Random, unpredictable airport security that’s not always awful? Only in America

plane and fence
The TSA screening area at Reno-Tahoe International Airport’s B gates isn’t much to look at. It’s a dark, cavernous processing area with well-worn linoleum floors that almost makes you feel like you’re visiting a relative in prison.

But looks can be deceiving. I just had the best TSA screening experience in Reno, and I’m not alone. On a recent Monday morning, my entire family transited through Terminal B, and they could scarcely believe they’d been checked by federal screeners.

The TSA checkpoint at Denver International Airport looks like it’s something straight out of a science fiction movie. It’s a gleaming hall with the newest technology, including an array of shiny new body scanners. It’s the kind of place where you’d expect to find a modern, friendly, and efficient screening.

Yet here, too, all is not as it seems: A few days ago, I had the single worst screening experience of my life. I still can’t believe what happened.

The two TSAs

In America, there are two TSAs: one that understands its real mission and seems to respect the dignity of its passengers, and another that’s operating under the mistaken belief that it’s the last line of defense against terrorism and that it can break a few laws, and trample on the US Constitution, to get the job done.
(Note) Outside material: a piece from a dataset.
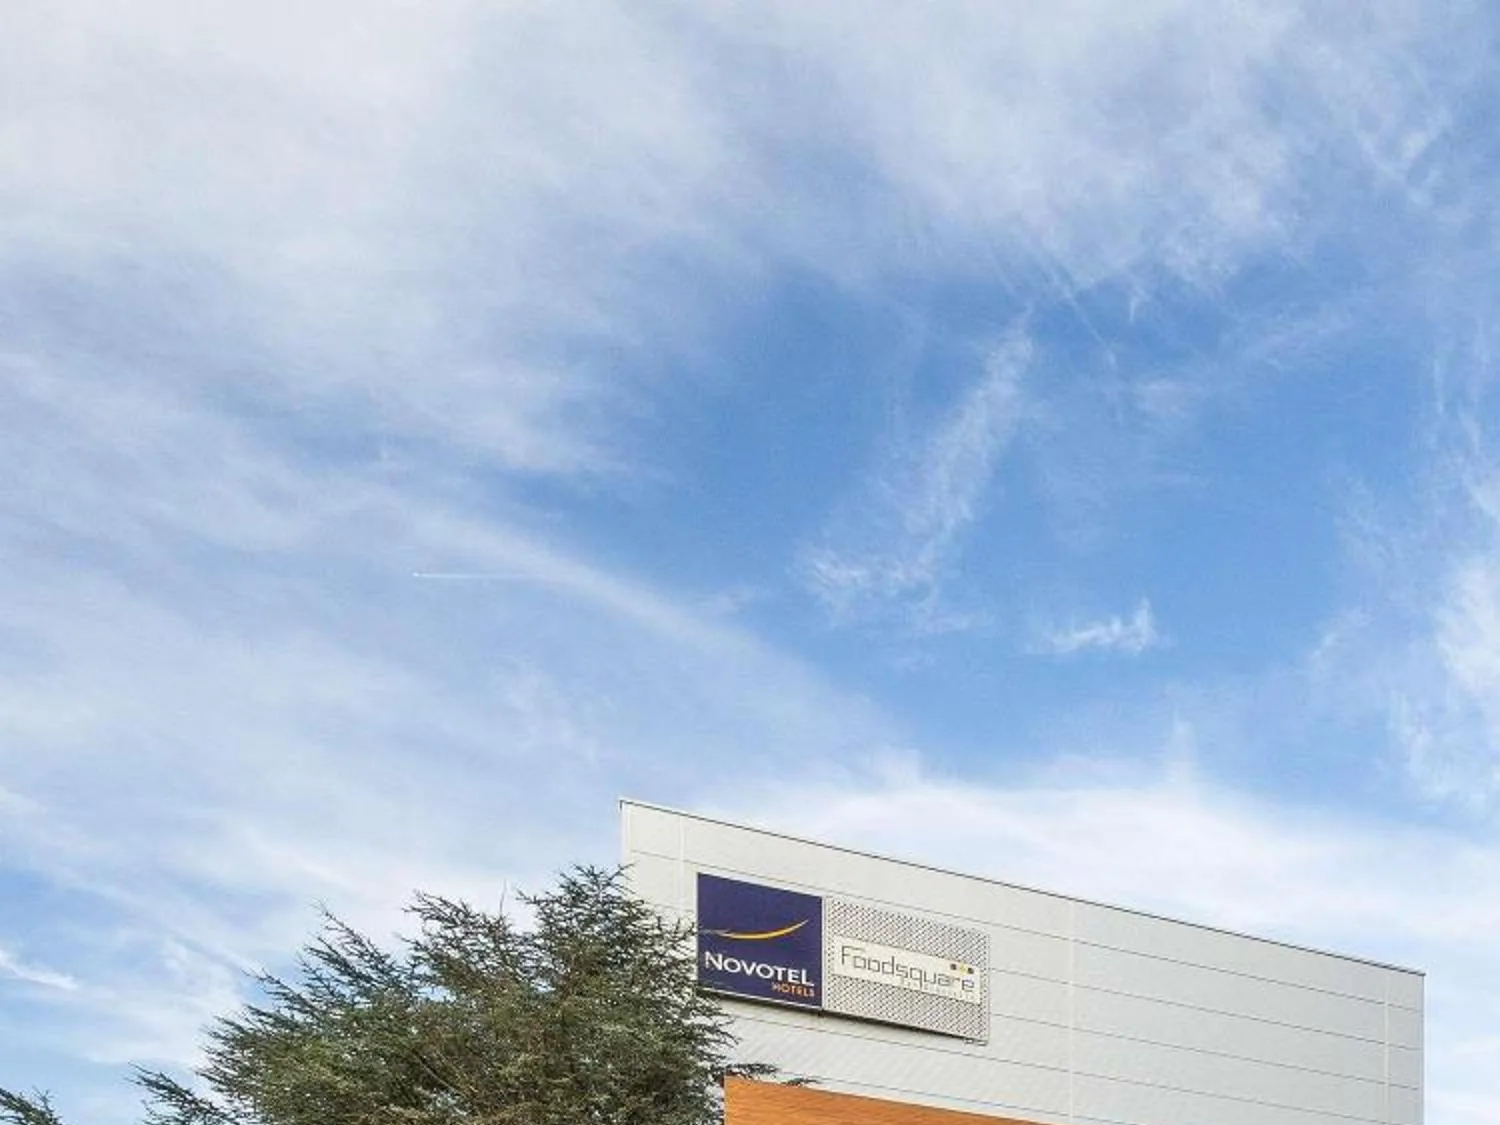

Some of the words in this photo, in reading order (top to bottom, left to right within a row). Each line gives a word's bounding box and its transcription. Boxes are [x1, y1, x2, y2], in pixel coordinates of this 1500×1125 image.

[704, 951, 815, 987] NOVOTEL
[841, 945, 976, 993] Foodsquare
[771, 982, 815, 998] HOTELS
You can experience both today, with the apparent blessing of the Department of Homeland Security. Why? Because the government encourages “random and unpredictable” airport security, which means that it’s in the TSA’s best interests to have one airport that passengers actually like and another that’s universally hated.
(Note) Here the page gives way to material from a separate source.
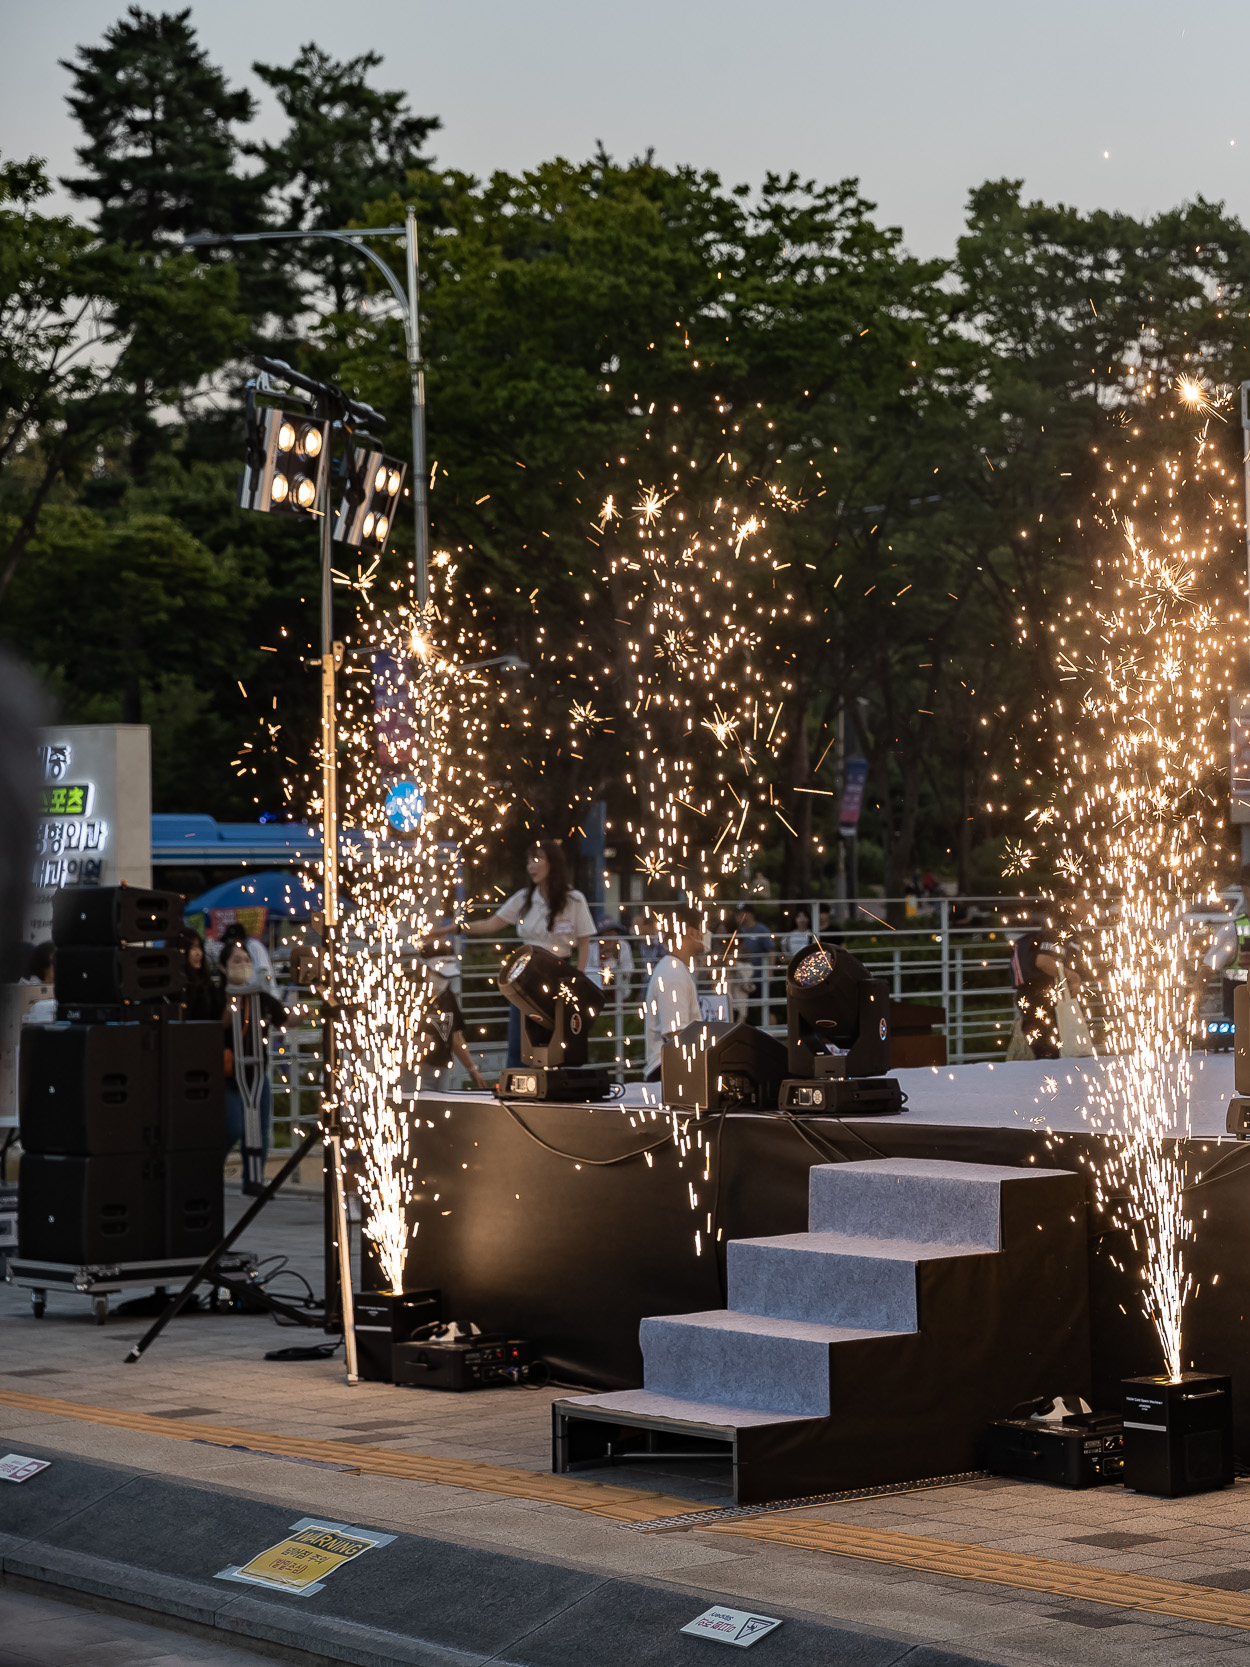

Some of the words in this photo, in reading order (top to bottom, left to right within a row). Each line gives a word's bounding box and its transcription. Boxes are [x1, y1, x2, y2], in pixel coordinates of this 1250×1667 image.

[296, 1531, 363, 1555] WARNING
[281, 1546, 313, 1560] 넘어짐
[308, 1553, 330, 1565] 주의
No one ever said this would make sense.

Best little checkpoint in Reno

When we arrived at the Terminal B screening area in Reno, we were prepared for the worst. But the line moved quickly, and within less than a minute, we were standing in front of a TSO who greeted everyone with a friendly and genuine smile.

“Looks like you guys have been in the mountains,” he said. Our sunburned faces had given us away.

Another screener checked our boarding passes and waved us through quickly. There are no full-body scanners at Terminal B, which doesn’t seem to bother anyone. (And surprisingly, no terrorists have exploited that little loophole — makes you wonder about the deterrent power of those scanners, doesn’t it?)

After getting our bags scanned, a screener asked my 10-year-old son, Aren, what was inside his bag.

Oops. Turns out he’d left his laptop in his luggage by mistake. But the agent examining his bag didn’t scold him; in fact, he cracked a joke about what else he might have packed.

“Got any Tasmanian Devils in there?” he kidded.

“Uh, no,” Aren replied.

Within less than three minutes, the backpack had been rescreened and we were on our way.

“Wow,” said Aren. “They were really friendly.”

Indeed. The Reno TSAers won the airport of the year award back in 2010, which suggests we aren’t the only ones who like their work.

1-pat downMissed it by a mile in Denver

Our experience in Denver couldn’t have been any different. The pre-screening area is a confusing maze of ropes and missed cues. The agent asking for our ID tried to joke around with the kids, but his humor fell flat.

“And who are you?” he said to my six-year-old daughter, studying her ticket.

My daughter, who gets a little shy around strangers, said nothing. Mom and I answered for her, which only seemed to ratchet up the tension.

Then we were ushered into the screening area: a baggage X-ray, a metal detector, and a body scanner. The TSA has a state policy of not separating families and isn’t supposed to ask young children to go through the body scanners, so it typically allows the whole family to walk through the metal detector at the same time.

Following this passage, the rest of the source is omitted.